_How to complete this task_. Copy all records verbatim, images excluded.
Segment Open
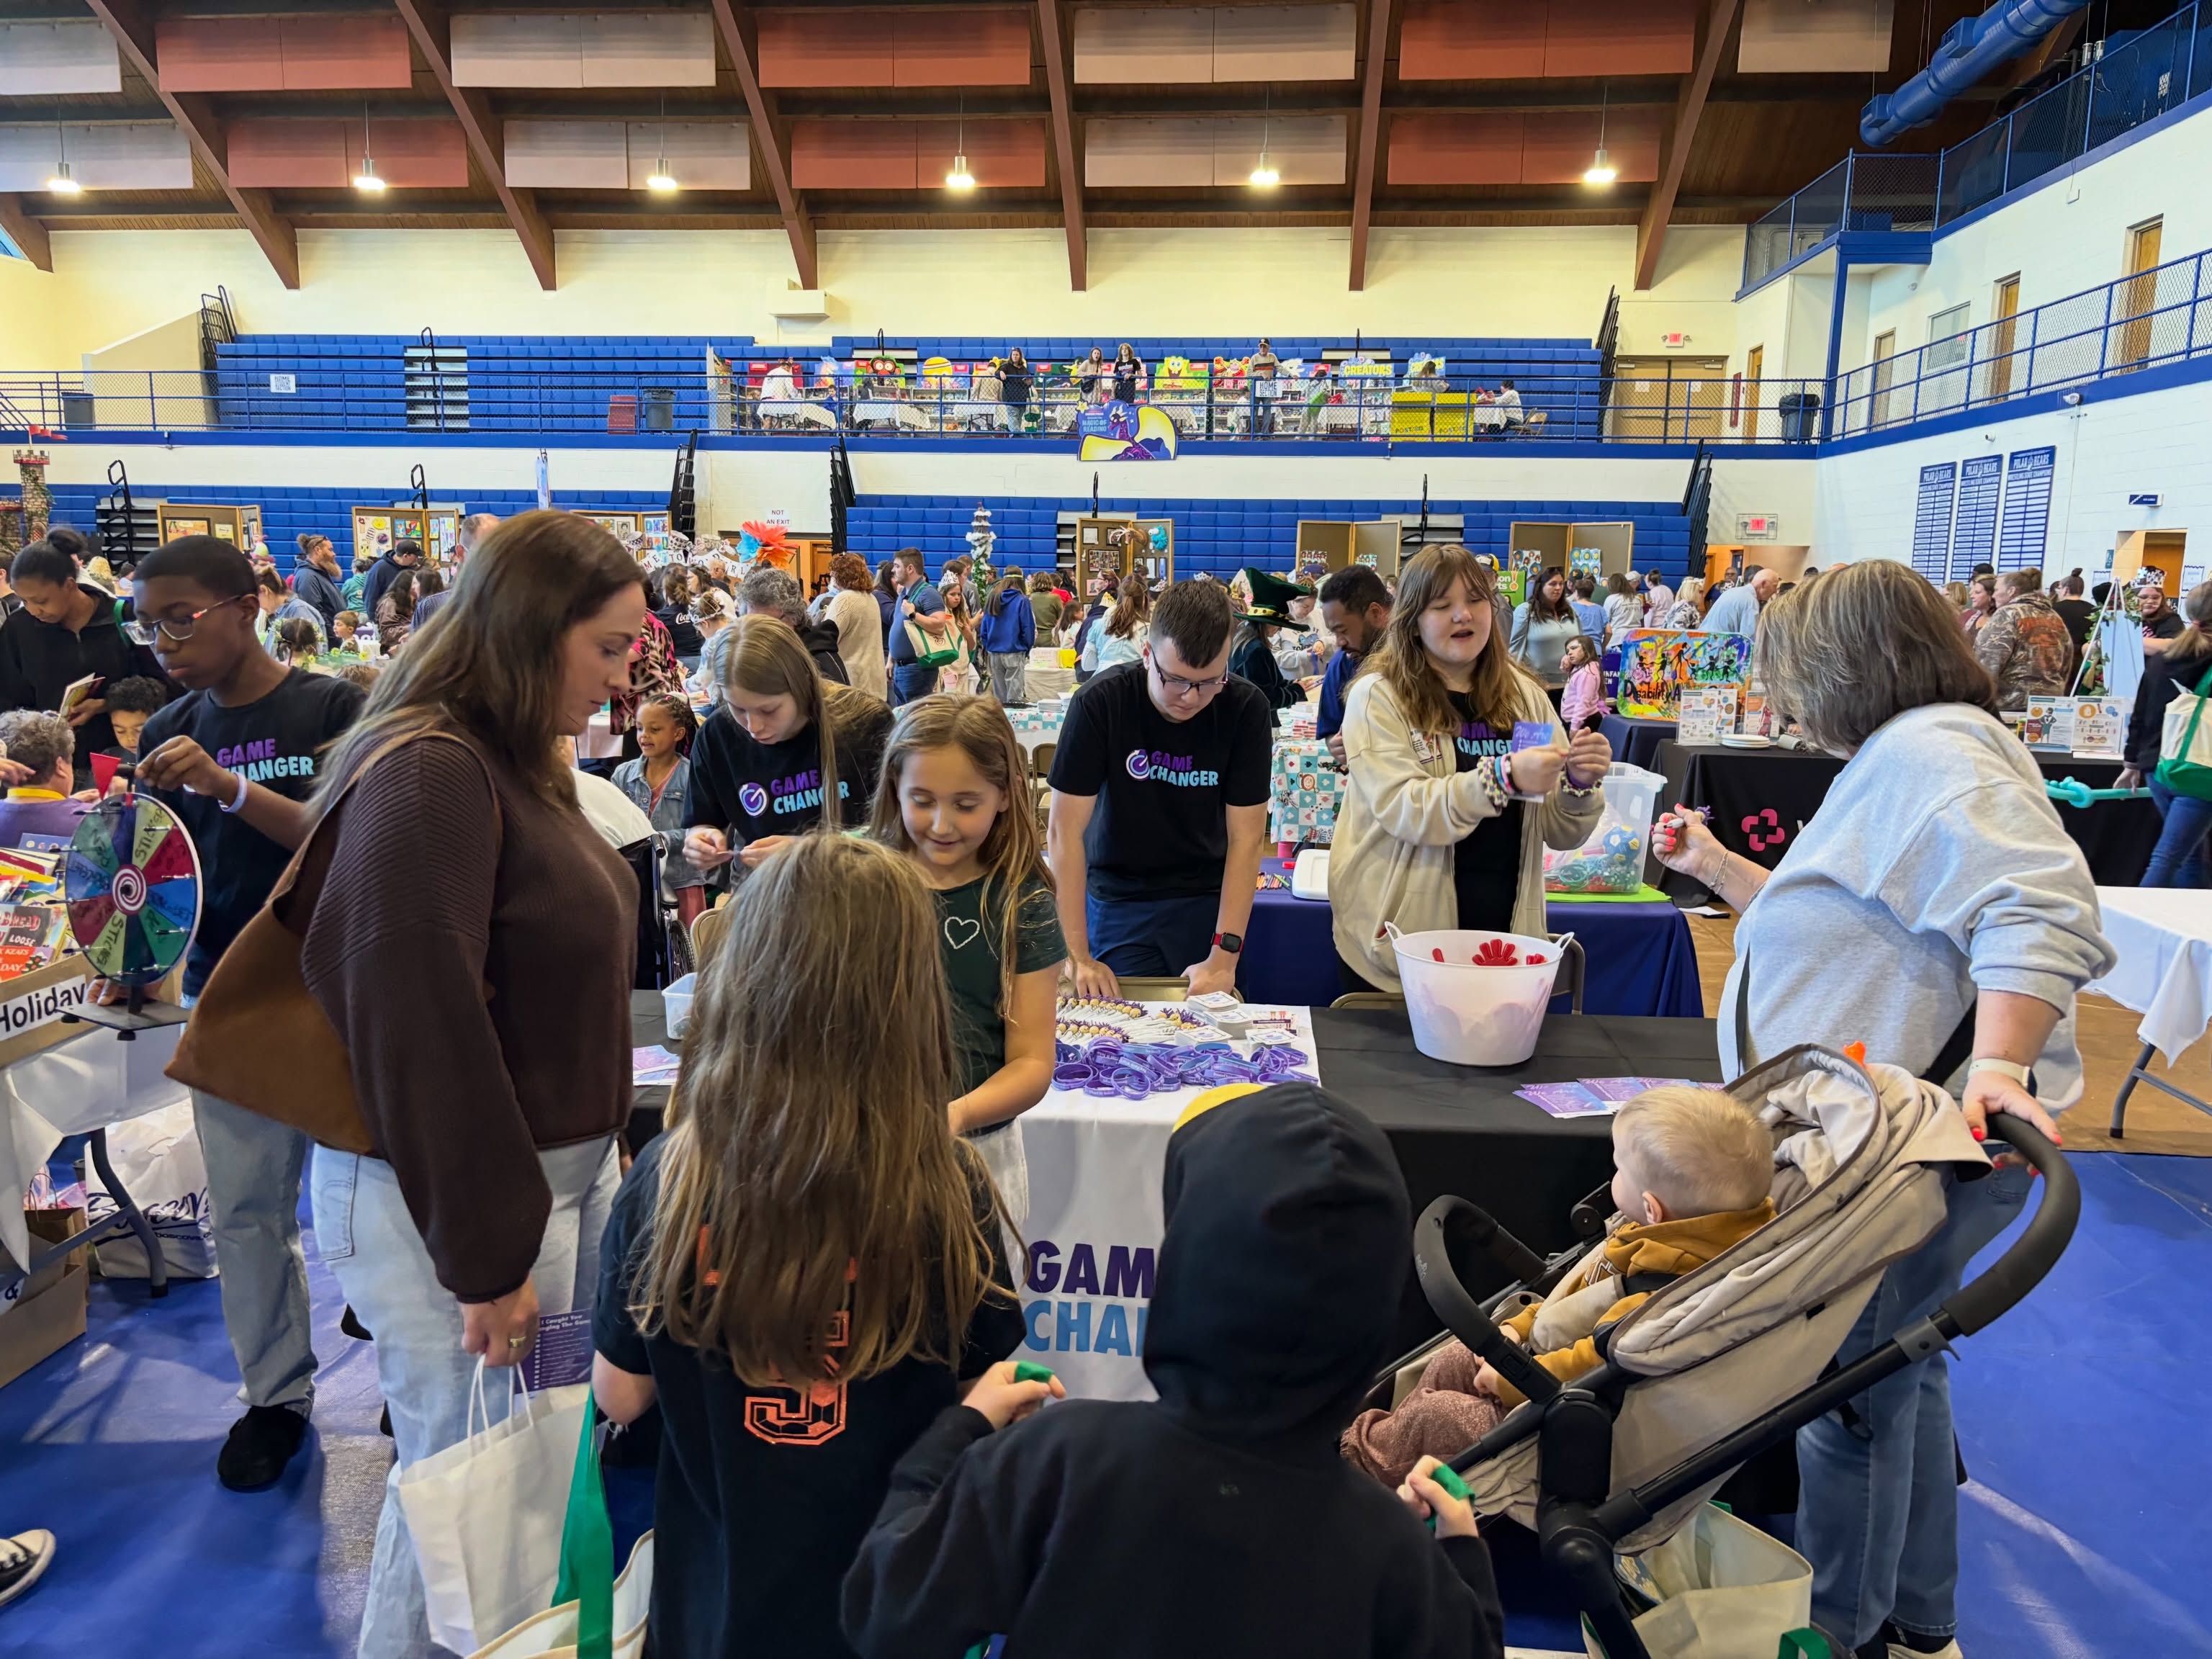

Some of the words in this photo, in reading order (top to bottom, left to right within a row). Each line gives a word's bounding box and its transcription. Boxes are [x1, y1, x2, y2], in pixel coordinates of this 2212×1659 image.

[1344, 364, 1393, 375] CREATORS
[2013, 457, 2028, 469] POLAR
[2033, 454, 2049, 467] BEARS
[668, 553, 683, 562] TO
[1623, 678, 1672, 705] Disability
[217, 738, 276, 767] GAME
[1151, 750, 1193, 772] GAME
[224, 756, 315, 782] HANGER
[1150, 765, 1219, 787] CHANGER
[770, 769, 820, 796] GAME
[773, 781, 850, 815] CHANR
[9, 934, 36, 947] LOOSE
[0, 963, 22, 972] DAY
[1022, 1240, 1155, 1299] GAM
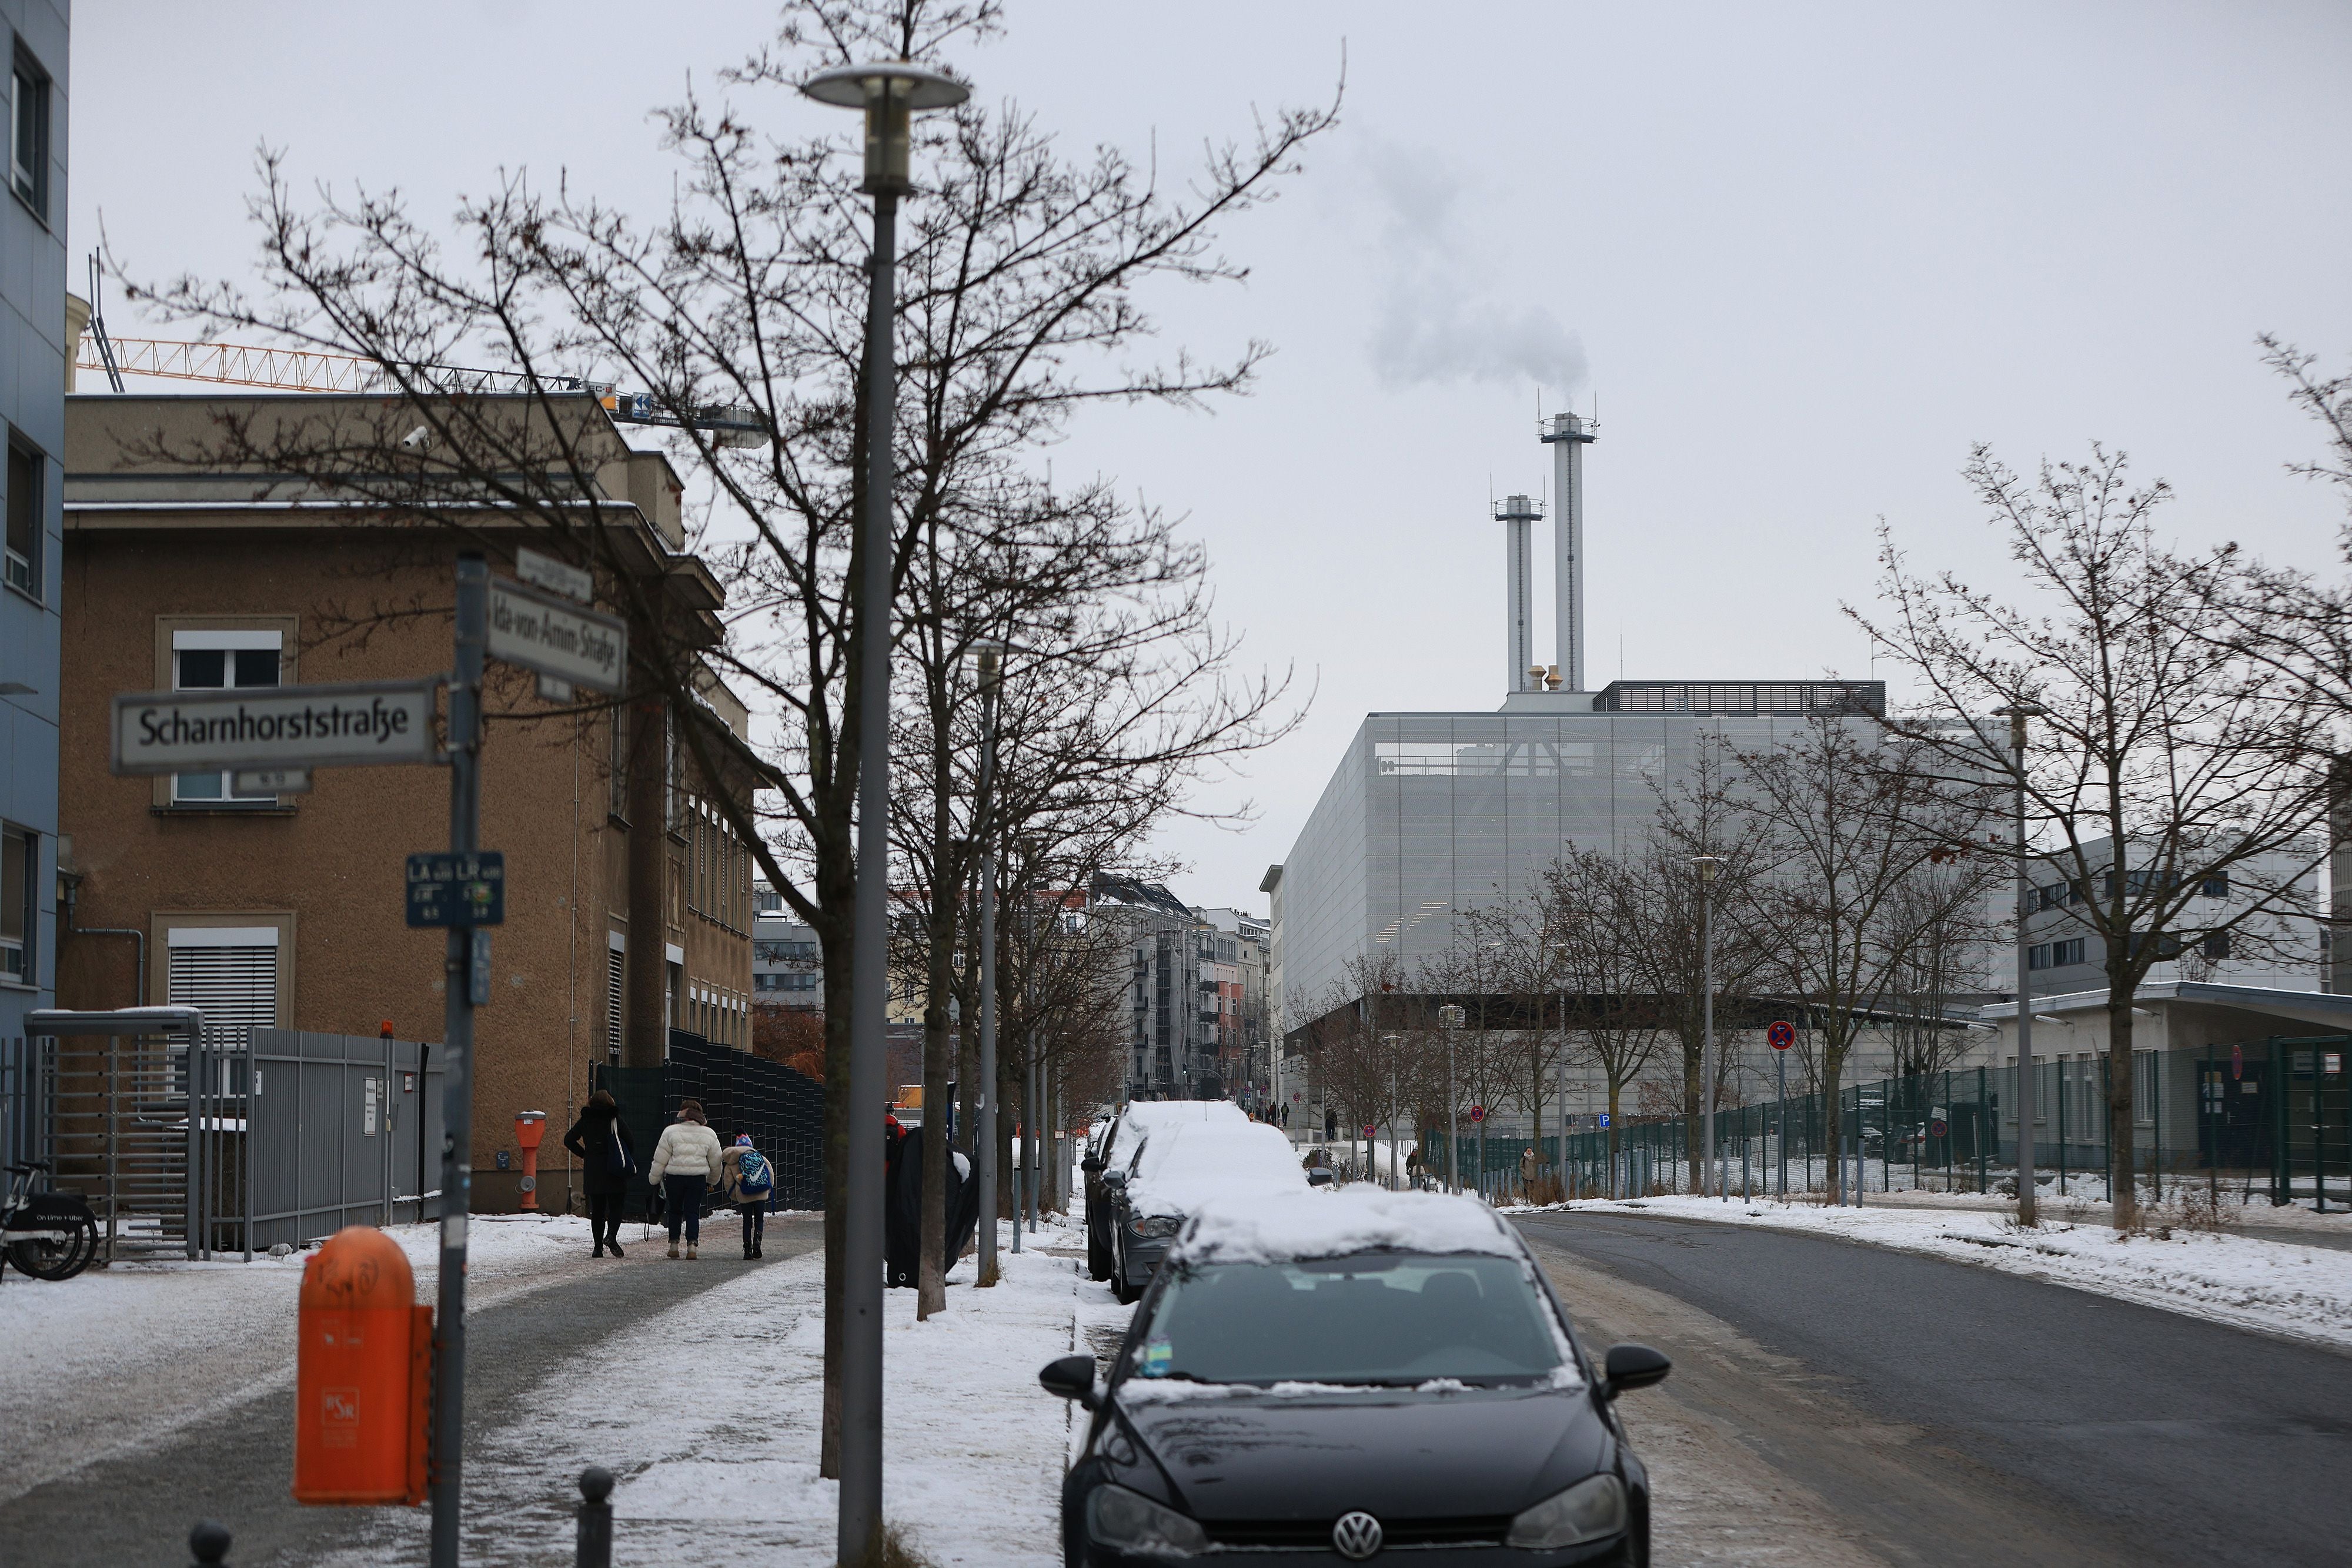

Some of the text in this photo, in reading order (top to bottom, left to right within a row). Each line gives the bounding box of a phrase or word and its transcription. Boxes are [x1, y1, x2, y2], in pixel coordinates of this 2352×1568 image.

[139, 697, 408, 746] Scharnhorststraße
[1602, 1115, 1609, 1125] P
[1334, 1512, 1382, 1559] VW
Segment Closed
_Result for this task_.
Some of the words in this photo, in reading order (top to bottom, left to right within a row). Each line gives a word's bounding box and its transcription. Boxes are [x1, y1, x2, y2], in pixel coordinates of this 2212×1659 image.

[1344, 364, 1393, 375] CREATORS
[2013, 457, 2028, 469] POLAR
[2033, 454, 2049, 467] BEARS
[668, 553, 683, 562] TO
[1623, 678, 1672, 705] Disability
[217, 738, 276, 767] GAME
[1151, 750, 1193, 772] GAME
[224, 756, 315, 782] HANGER
[1150, 765, 1219, 787] CHANGER
[770, 769, 820, 796] GAME
[773, 781, 850, 815] CHANR
[9, 934, 36, 947] LOOSE
[0, 963, 22, 972] DAY
[1022, 1240, 1155, 1299] GAM

Some of the text in this photo, in reading order (top to bottom, left to right within a row). Each line gives the bounding box of a phrase or word and its transcription. Boxes are [x1, y1, x2, y2], in pixel coordinates of this 2352×1568 image.

[139, 697, 408, 746] Scharnhorststraße
[1602, 1115, 1609, 1125] P
[1334, 1512, 1382, 1559] VW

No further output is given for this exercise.